The whole listing, except its pictures, is to be repeated exactly.

----- Supplied records -----

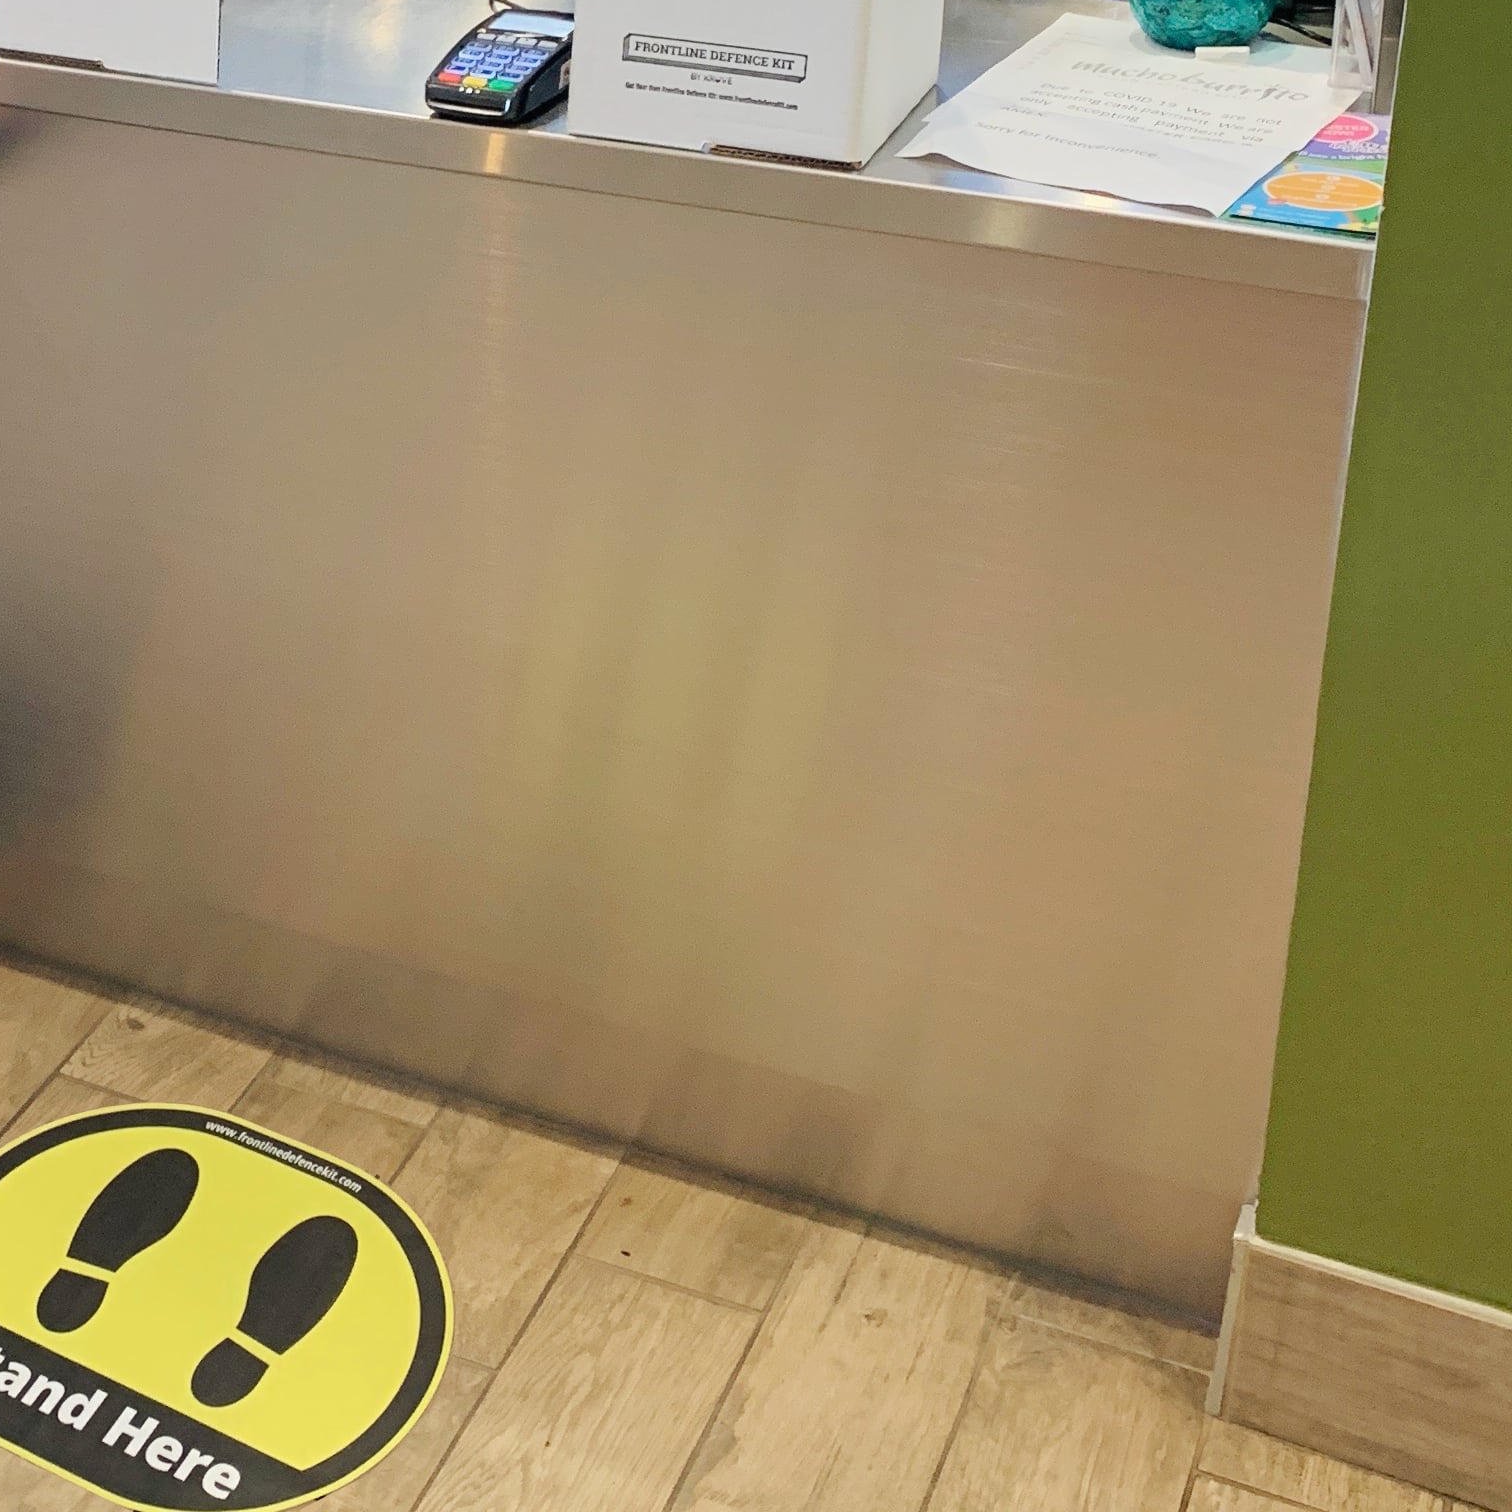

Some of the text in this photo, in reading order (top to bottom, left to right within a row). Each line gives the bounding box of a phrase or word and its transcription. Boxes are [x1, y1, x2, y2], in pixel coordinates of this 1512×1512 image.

[634, 41, 795, 70] FRONTLINE DEFENCE KIT
[1020, 96, 1052, 107] only
[1066, 103, 1140, 123] accepting
[1154, 118, 1225, 138] payment
[1241, 133, 1264, 143] via
[1031, 89, 1273, 134] accepting cash payment We are
[1040, 82, 1070, 91] Due
[1104, 90, 1153, 103] COVID
[1159, 100, 1177, 108] 19
[1186, 106, 1212, 116] We
[1222, 113, 1246, 121] are
[1256, 117, 1283, 126] not
[976, 120, 1018, 134] Sorry
[1019, 129, 1041, 139] for
[205, 1120, 363, 1194] www.frontlinedefencekit.com
[101, 1406, 241, 1501] Here
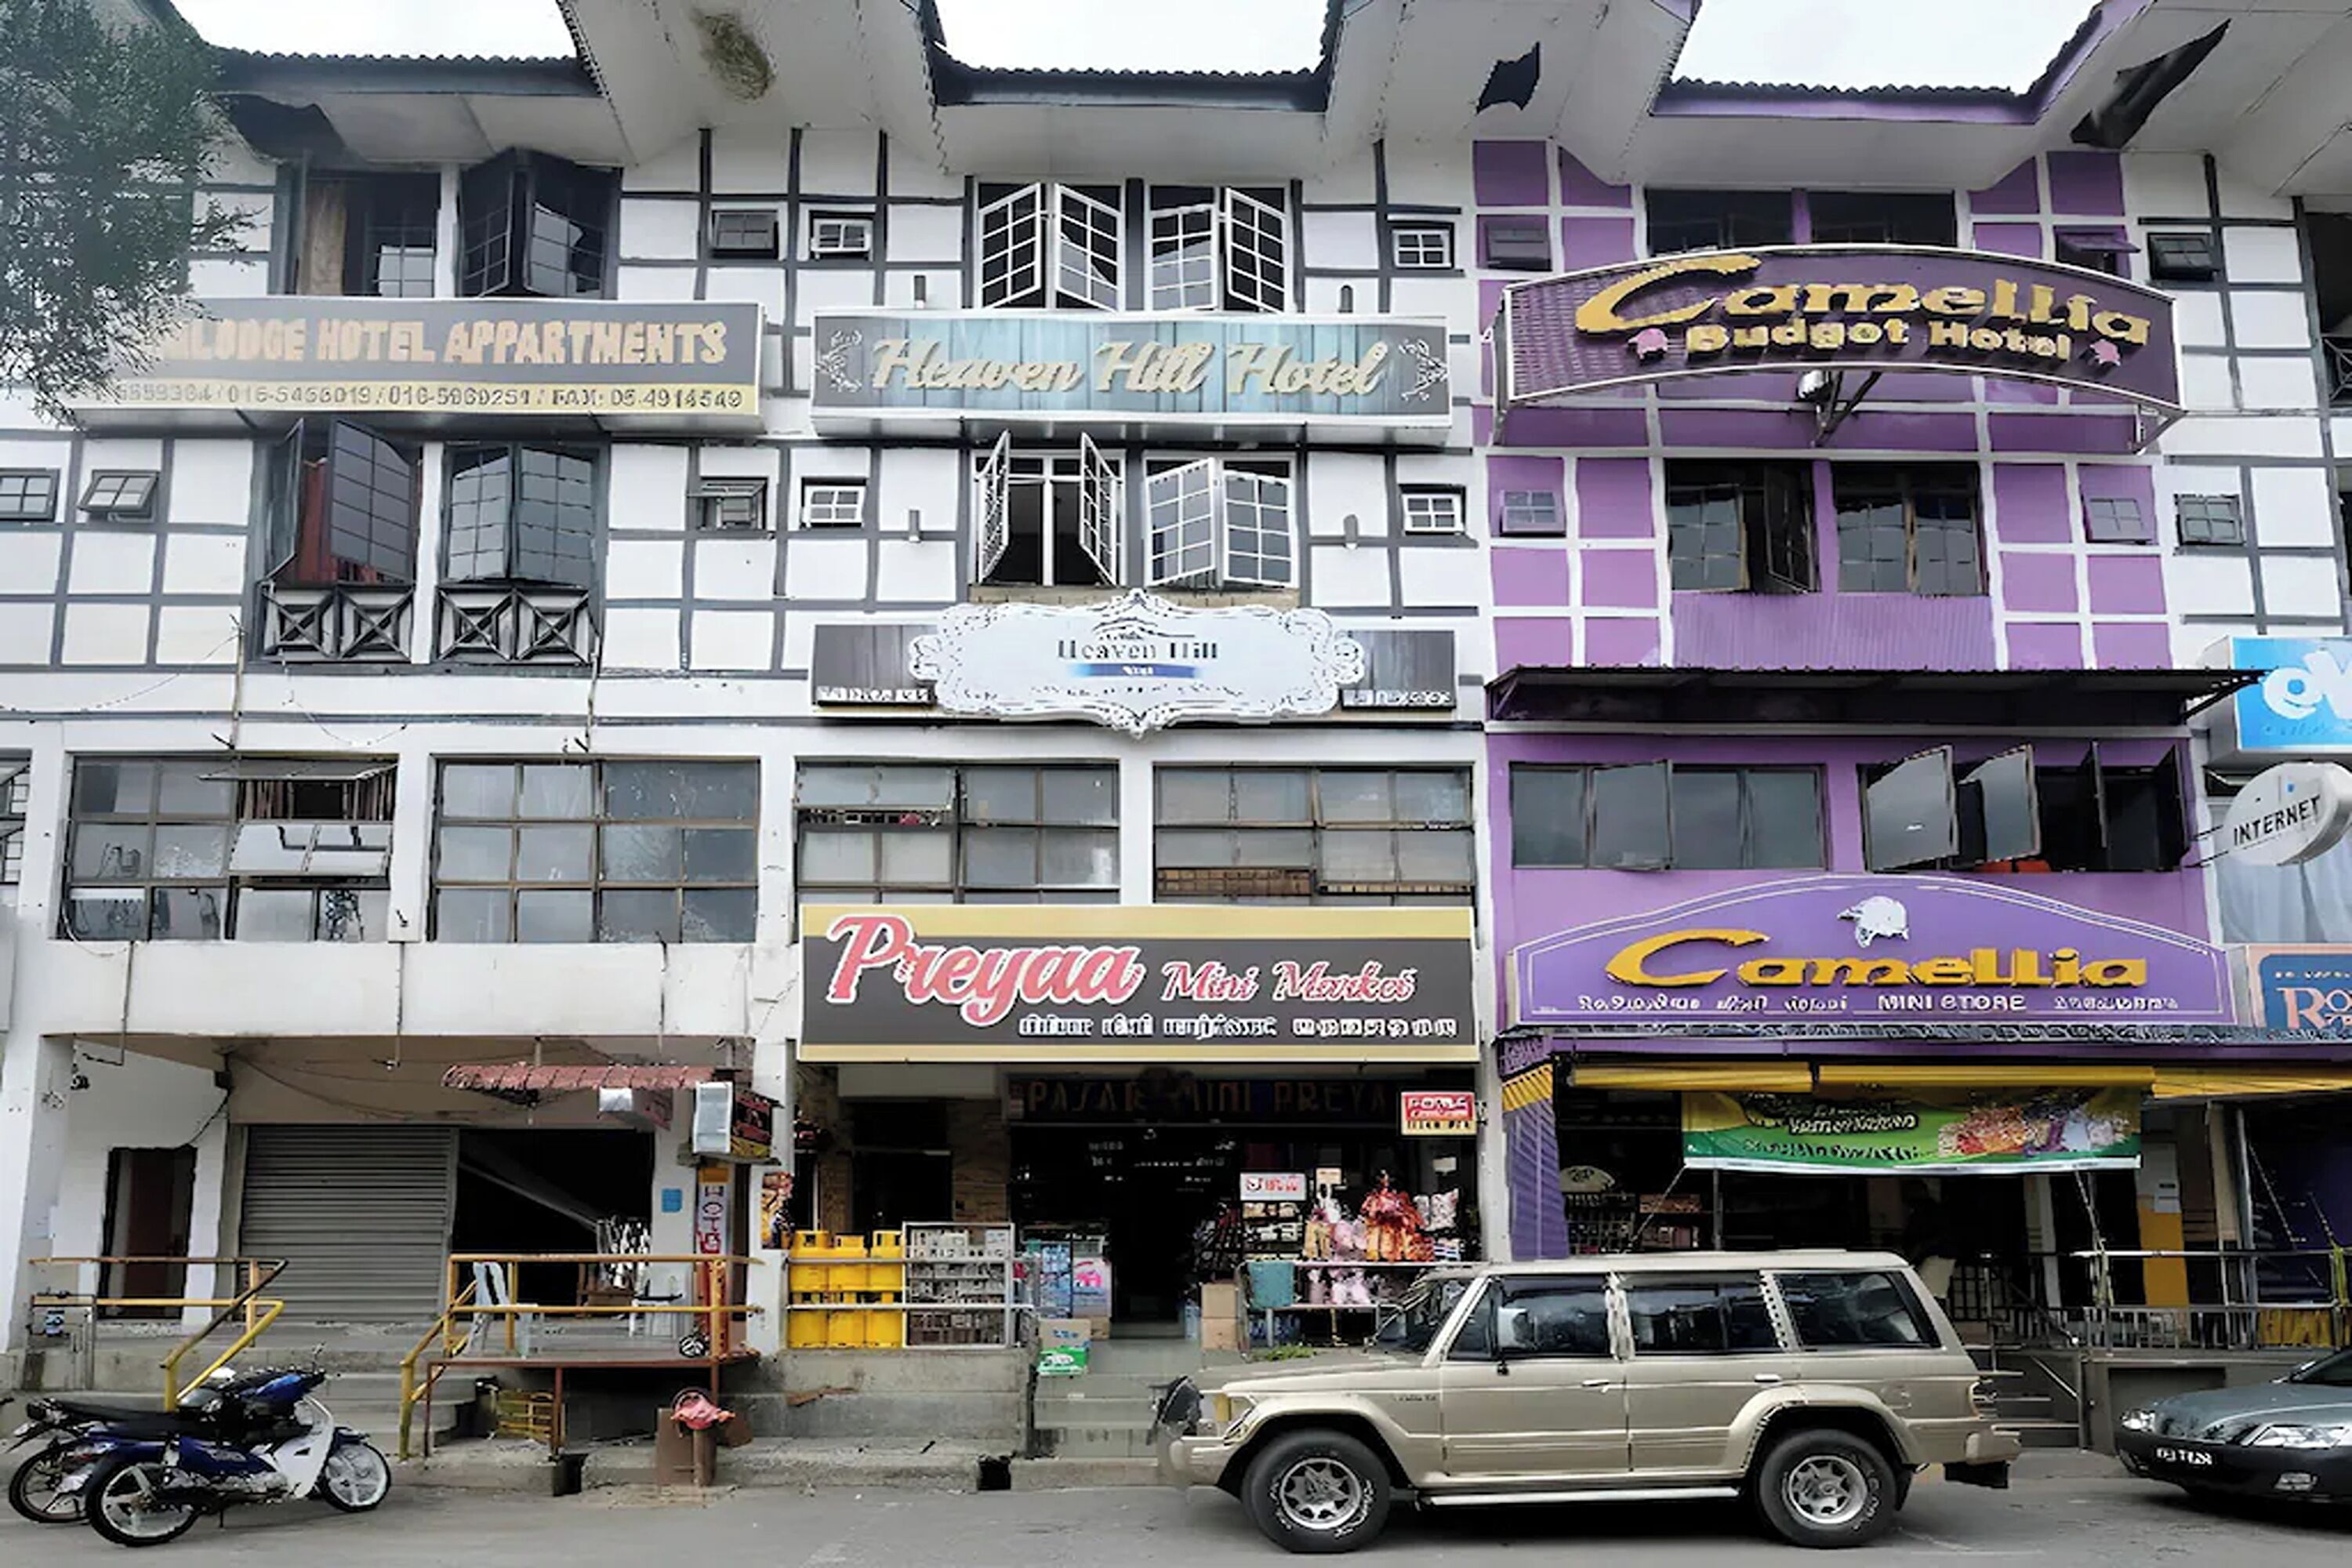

-----

Your response:
Some of the text in this photo, in reading order (top to bottom, left to right within a row). Each line gives the bounding box of a phrase or word and its transcription. Boxes are [x1, y1, x2, y2], in pixel coordinates of this 1512×1512 image.

[634, 41, 795, 70] FRONTLINE DEFENCE KIT
[1020, 96, 1052, 107] only
[1066, 103, 1140, 123] accepting
[1154, 118, 1225, 138] payment
[1241, 133, 1264, 143] via
[1031, 89, 1273, 134] accepting cash payment We are
[1040, 82, 1070, 91] Due
[1104, 90, 1153, 103] COVID
[1159, 100, 1177, 108] 19
[1186, 106, 1212, 116] We
[1222, 113, 1246, 121] are
[1256, 117, 1283, 126] not
[976, 120, 1018, 134] Sorry
[1019, 129, 1041, 139] for
[205, 1120, 363, 1194] www.frontlinedefencekit.com
[101, 1406, 241, 1501] Here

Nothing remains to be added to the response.